東芝、新型高性能リチウムイオン電池「SCiB」発表
タレコミ by maia
maia 曰く、
東芝が新型の高性能リチウムイオン二次電池「SCiB」(Super Charge ion Battery)を開発した。プレスリリースには、1)高い安全性、2)長寿命、3)急速充電性能、4)高出力、5)低温性能の5つの特徴が挙げられている。負極材にチタン酸リチウムを採用し、引火点の高い電解液や耐熱性の高いセパレータと組み合わせ、内部短絡が起こっても熱暴走を起こしにくい。

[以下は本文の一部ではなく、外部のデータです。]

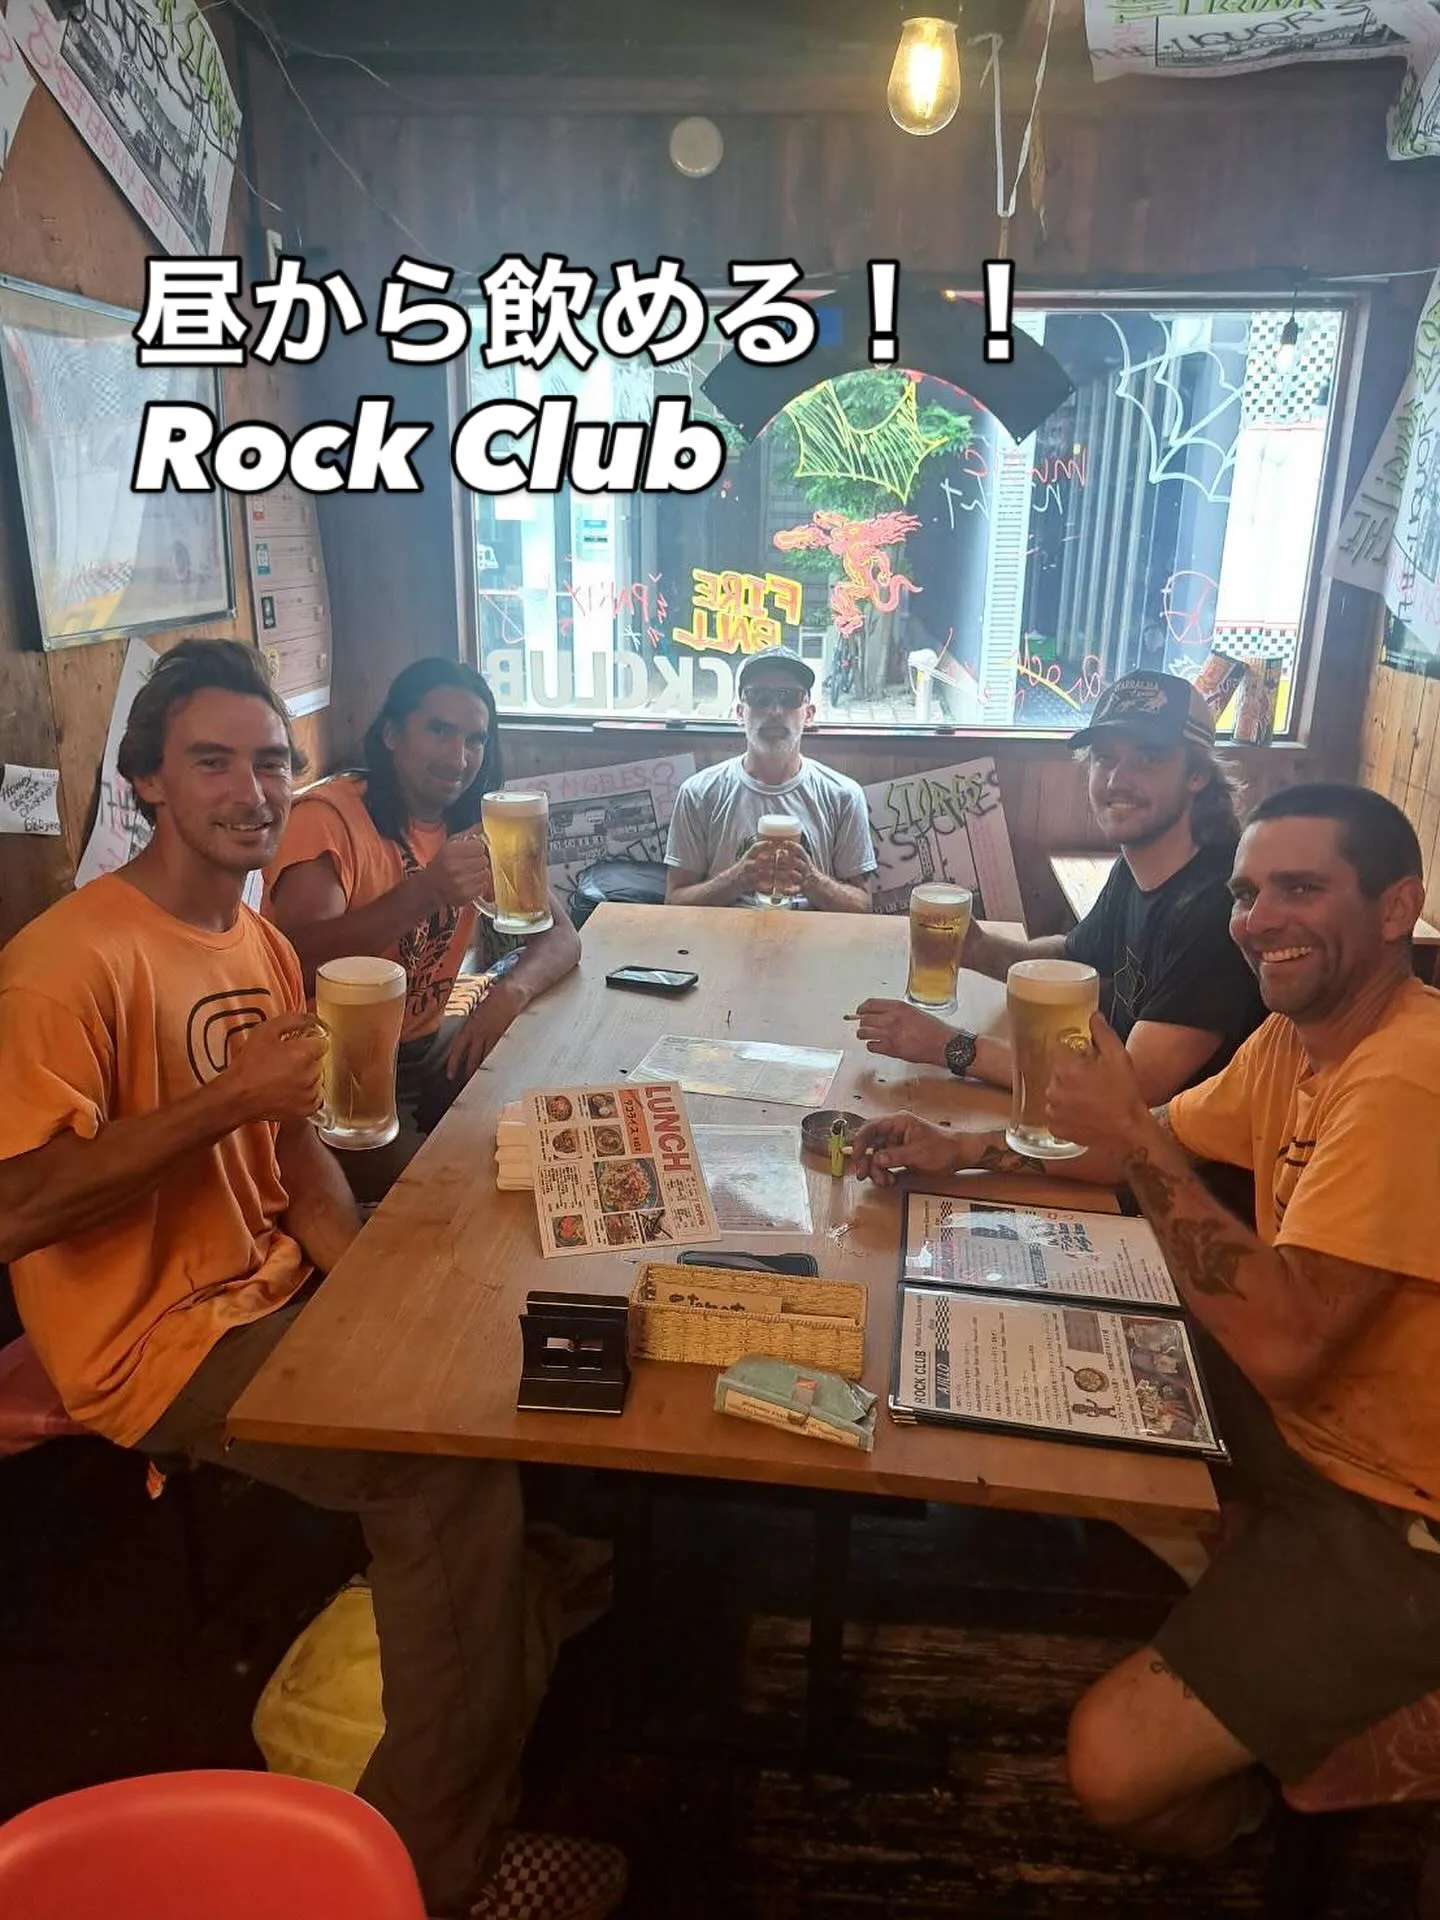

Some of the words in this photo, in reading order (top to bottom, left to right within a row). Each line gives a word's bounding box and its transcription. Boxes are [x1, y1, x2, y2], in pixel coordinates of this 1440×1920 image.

[644, 1086, 692, 1172] LUNCH
[916, 1349, 926, 1373] CLUB
[914, 1374, 926, 1405] ROCK

試験でバッテリを物理的につぶして短絡させても、セルの温度は100度未満で収まり、発煙も発火も生じていない(Tech-On!の記事)。急速充電を3000回繰り返しても容量低下は10%未満、約5000回を超える繰り返し充放電が可能。5分間で電池容量の90%以上の充電が可能。さらに電気二重層キャパシタ並みの高い入出力性能(パワー密度)、マイナス30度の低温環境でも十分な性能を維持と、良いことづくめである。2008年3月から量産を開始するが(FujiSankei Business i.の記事)、非常用電源、風力発電の平準化電源、フォークリフトなどの産業用途、電動アシスト自転車やハイブリッド車など電動車両への適用を目指す。なお特性上(SCiBの性能(PDF))および市場的に(東芝としては再参入になる)携帯機器向けとは位置づけられていないようだ。